Exercise details - Repeat, word for word and with nothing added, each line from the one containing "this 1280×960 image." to the final line of the data, keeping both ends. Pictures are not part of the copy.

[Records from a dataset]
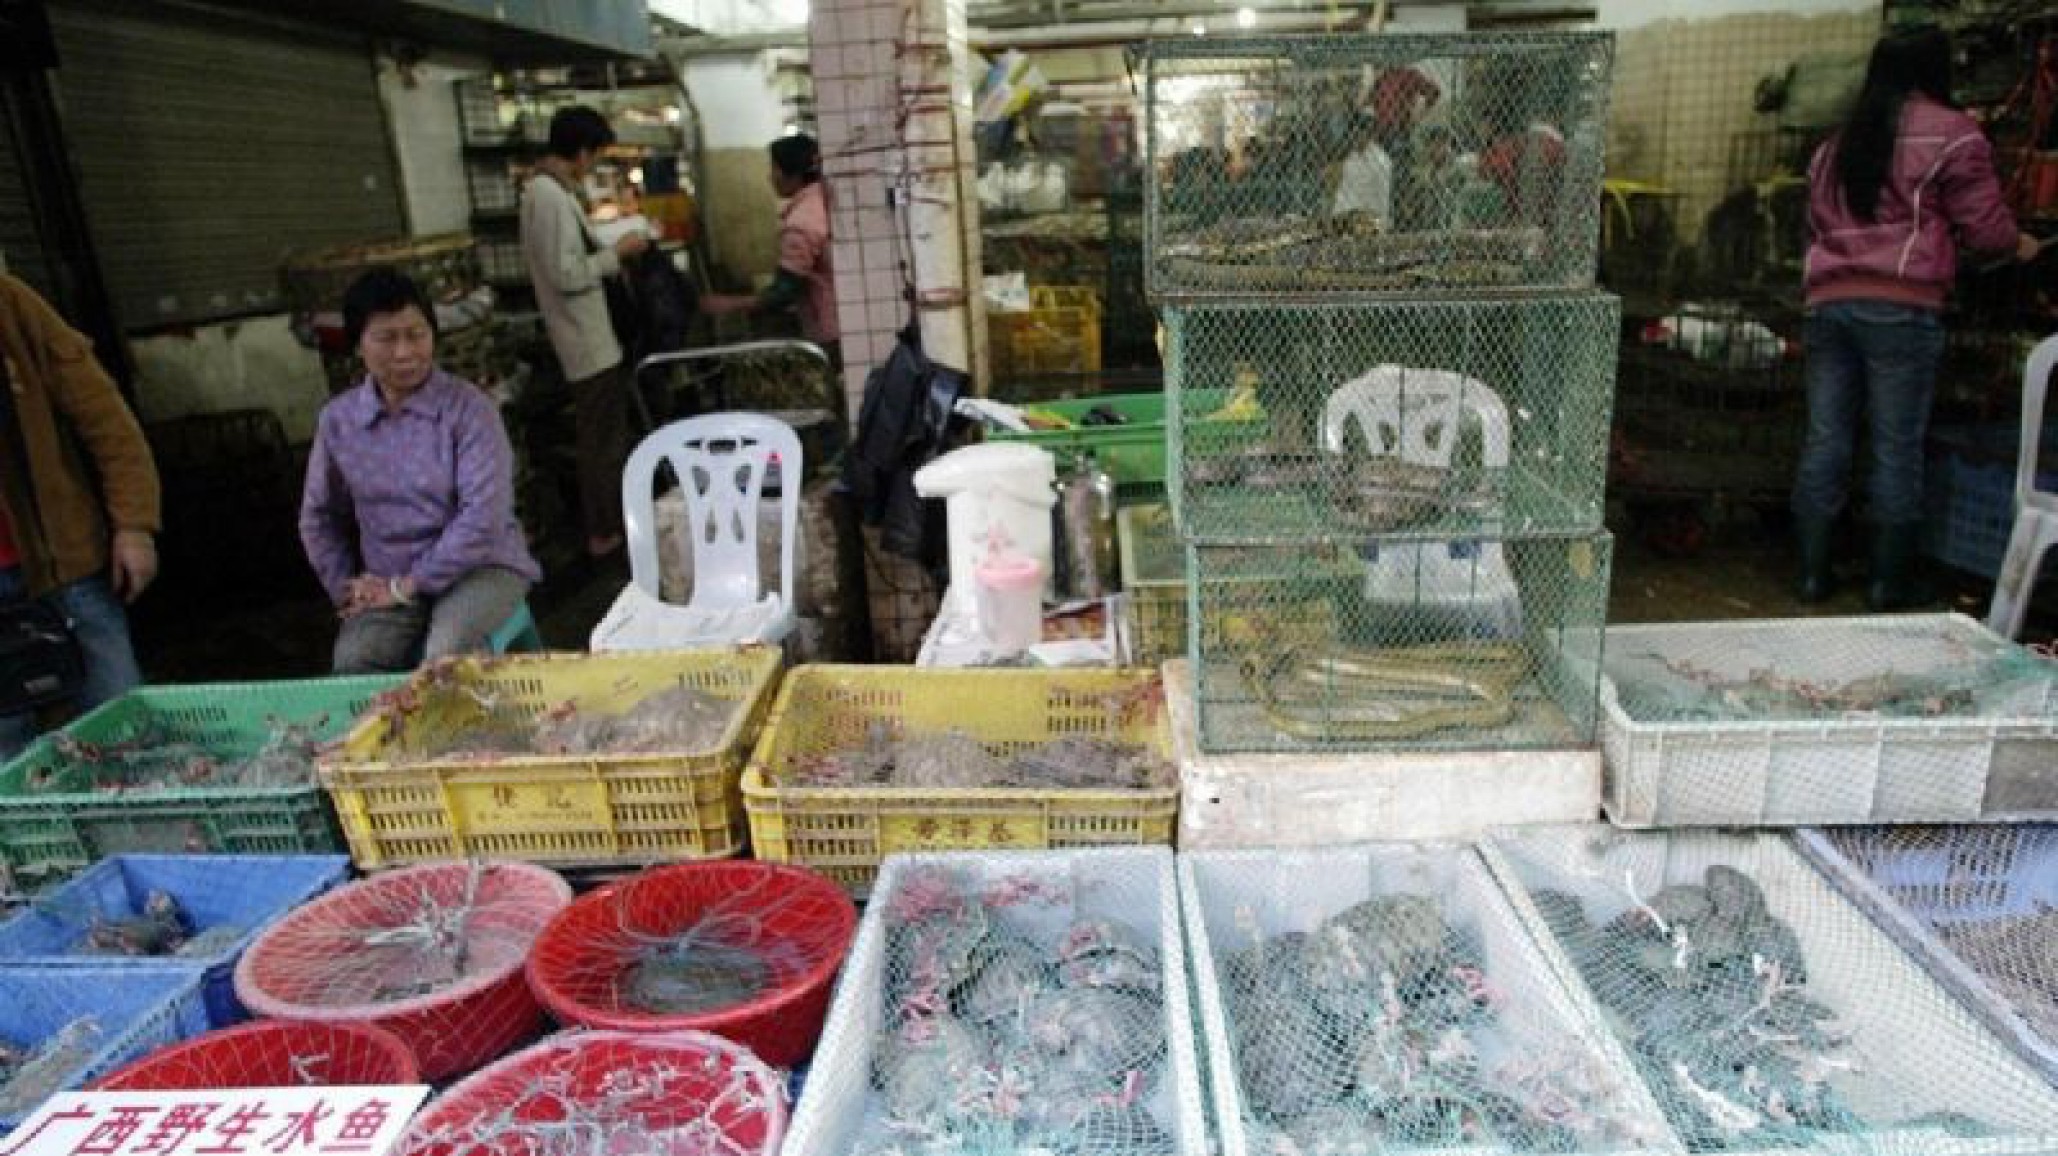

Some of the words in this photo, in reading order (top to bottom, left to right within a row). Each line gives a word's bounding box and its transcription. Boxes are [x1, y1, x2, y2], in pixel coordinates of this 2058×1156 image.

[0, 1100, 391, 1156] 广西野生水鱼
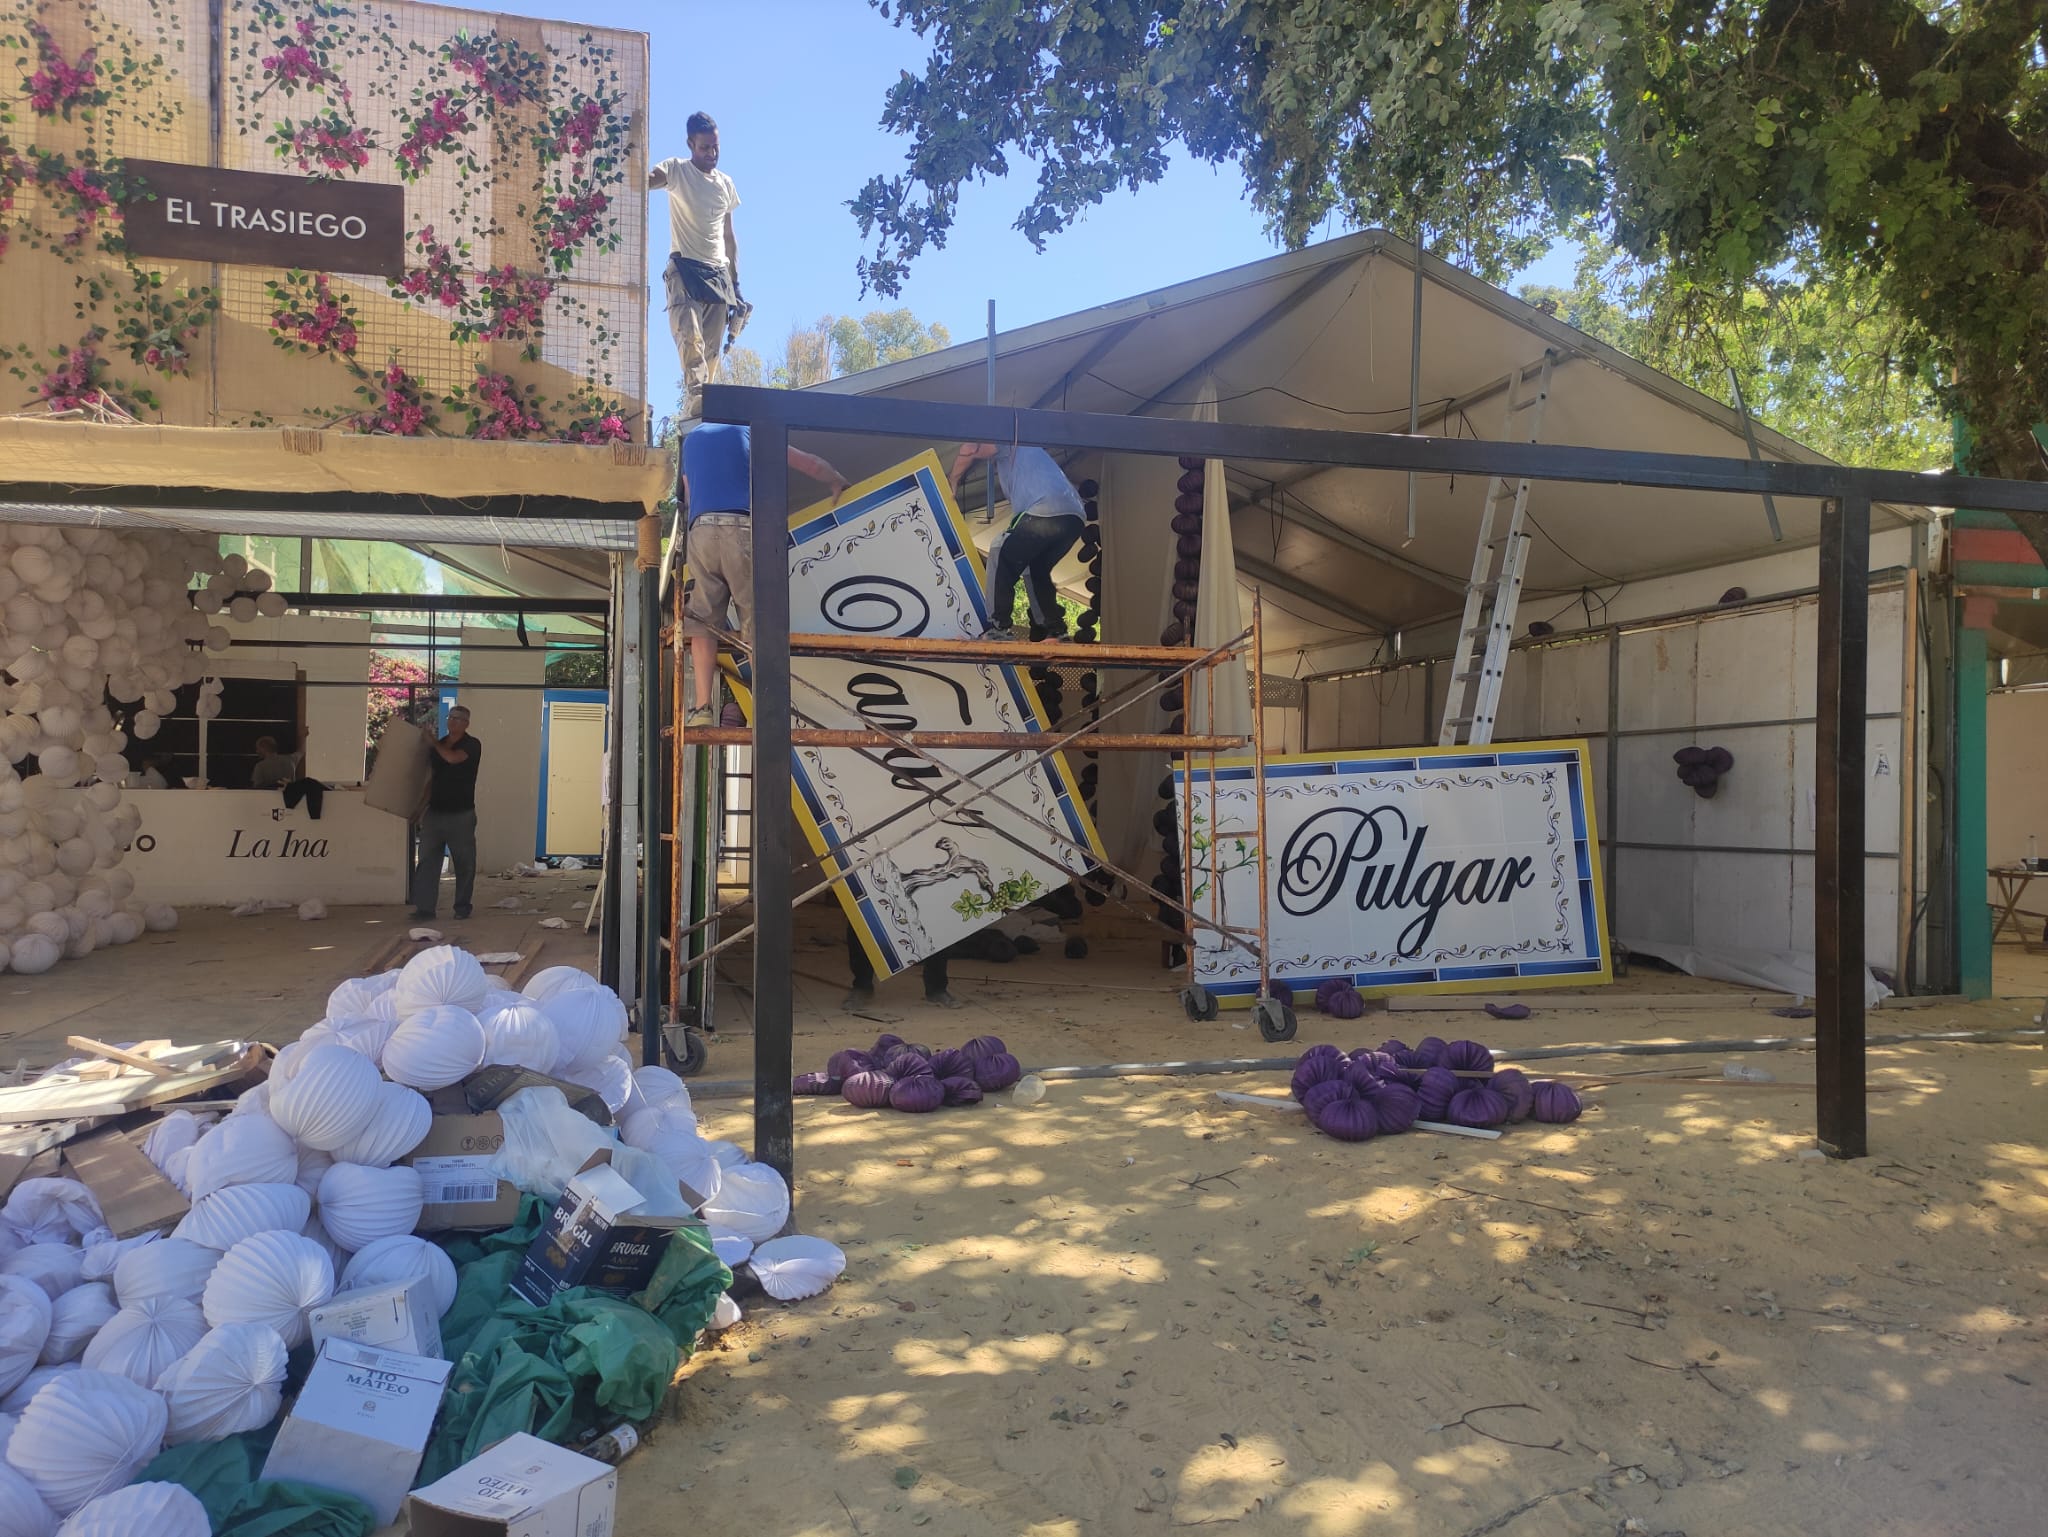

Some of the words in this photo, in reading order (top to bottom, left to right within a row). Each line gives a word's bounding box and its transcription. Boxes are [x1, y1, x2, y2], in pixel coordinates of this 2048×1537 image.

[166, 197, 201, 226] EL
[210, 201, 367, 240] TRASIEGO
[226, 829, 272, 858] La
[277, 829, 329, 858] Ina
[1277, 804, 1536, 958] Pulgar
[345, 1374, 410, 1395] MATEO
[478, 1476, 533, 1496] MATEO
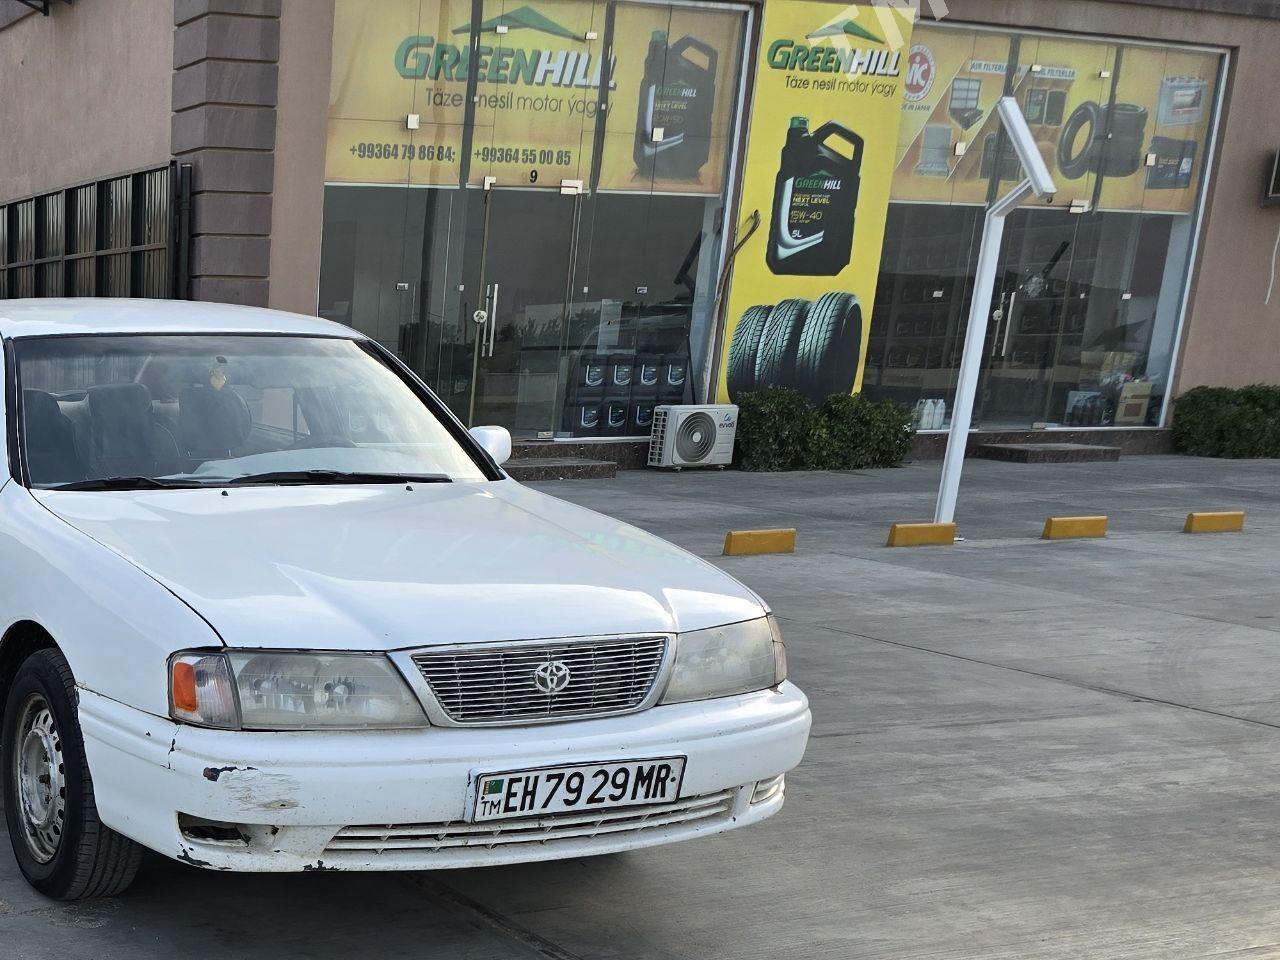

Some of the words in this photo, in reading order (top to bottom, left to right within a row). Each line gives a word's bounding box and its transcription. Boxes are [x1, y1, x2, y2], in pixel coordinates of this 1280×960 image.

[395, 35, 617, 91] GREENHILL
[767, 39, 900, 77] GREENHILL
[785, 75, 809, 89] Täze
[812, 78, 836, 91] nesil
[838, 79, 868, 93] motor
[426, 87, 463, 108] Täze
[478, 91, 513, 109] nesil
[517, 93, 562, 112] motor
[350, 143, 399, 160] +99364
[402, 144, 415, 160] 79
[418, 145, 435, 161] 86
[474, 146, 519, 163] +99364
[522, 149, 537, 164] 55
[539, 150, 553, 165] 00
[556, 150, 571, 166] 85
[530, 169, 538, 183] 9
[795, 177, 841, 190] GREENHILL
[792, 229, 802, 238] 5L
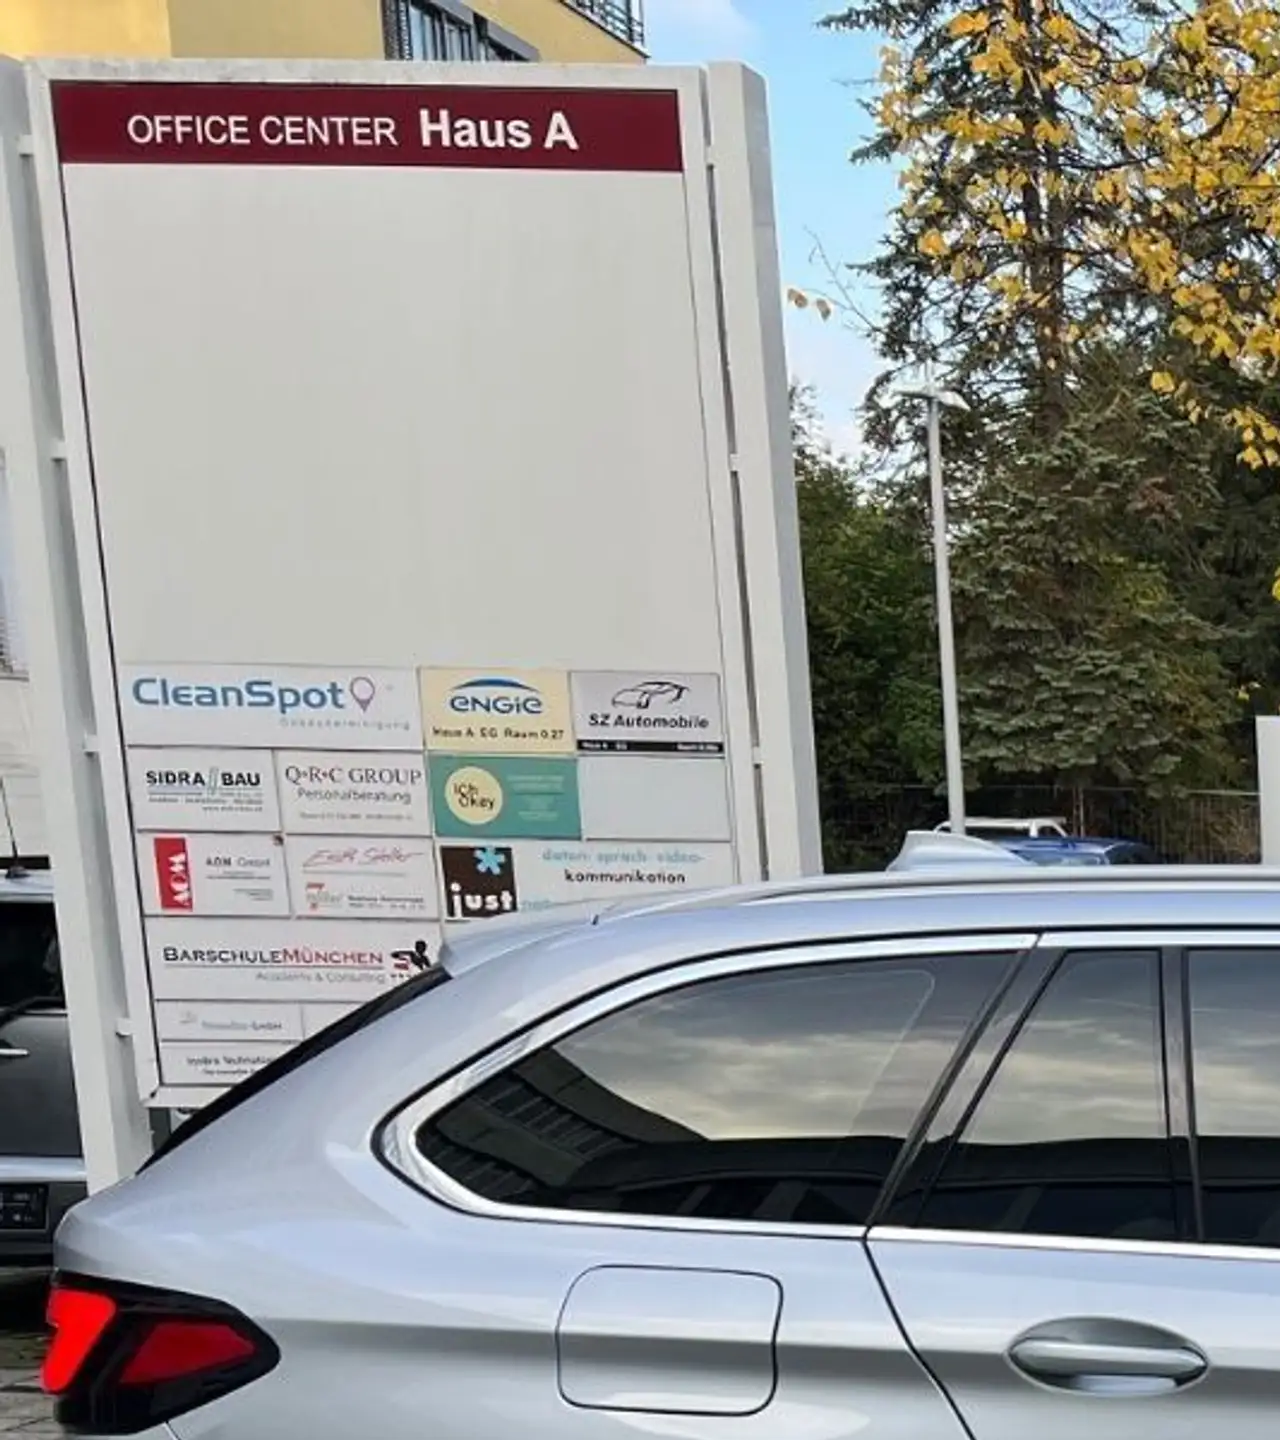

Written response -
Some of the words in this photo, in reading order (top to bottom, left to right within a row). Each line gives a word's bounding box and its transcription. Boxes are [x1, y1, x2, y2], in pixel coordinates of this 1280×960 image.

[395, 35, 617, 91] GREENHILL
[767, 39, 900, 77] GREENHILL
[785, 75, 809, 89] Täze
[812, 78, 836, 91] nesil
[838, 79, 868, 93] motor
[426, 87, 463, 108] Täze
[478, 91, 513, 109] nesil
[517, 93, 562, 112] motor
[350, 143, 399, 160] +99364
[402, 144, 415, 160] 79
[418, 145, 435, 161] 86
[474, 146, 519, 163] +99364
[522, 149, 537, 164] 55
[539, 150, 553, 165] 00
[556, 150, 571, 166] 85
[530, 169, 538, 183] 9
[795, 177, 841, 190] GREENHILL
[792, 229, 802, 238] 5L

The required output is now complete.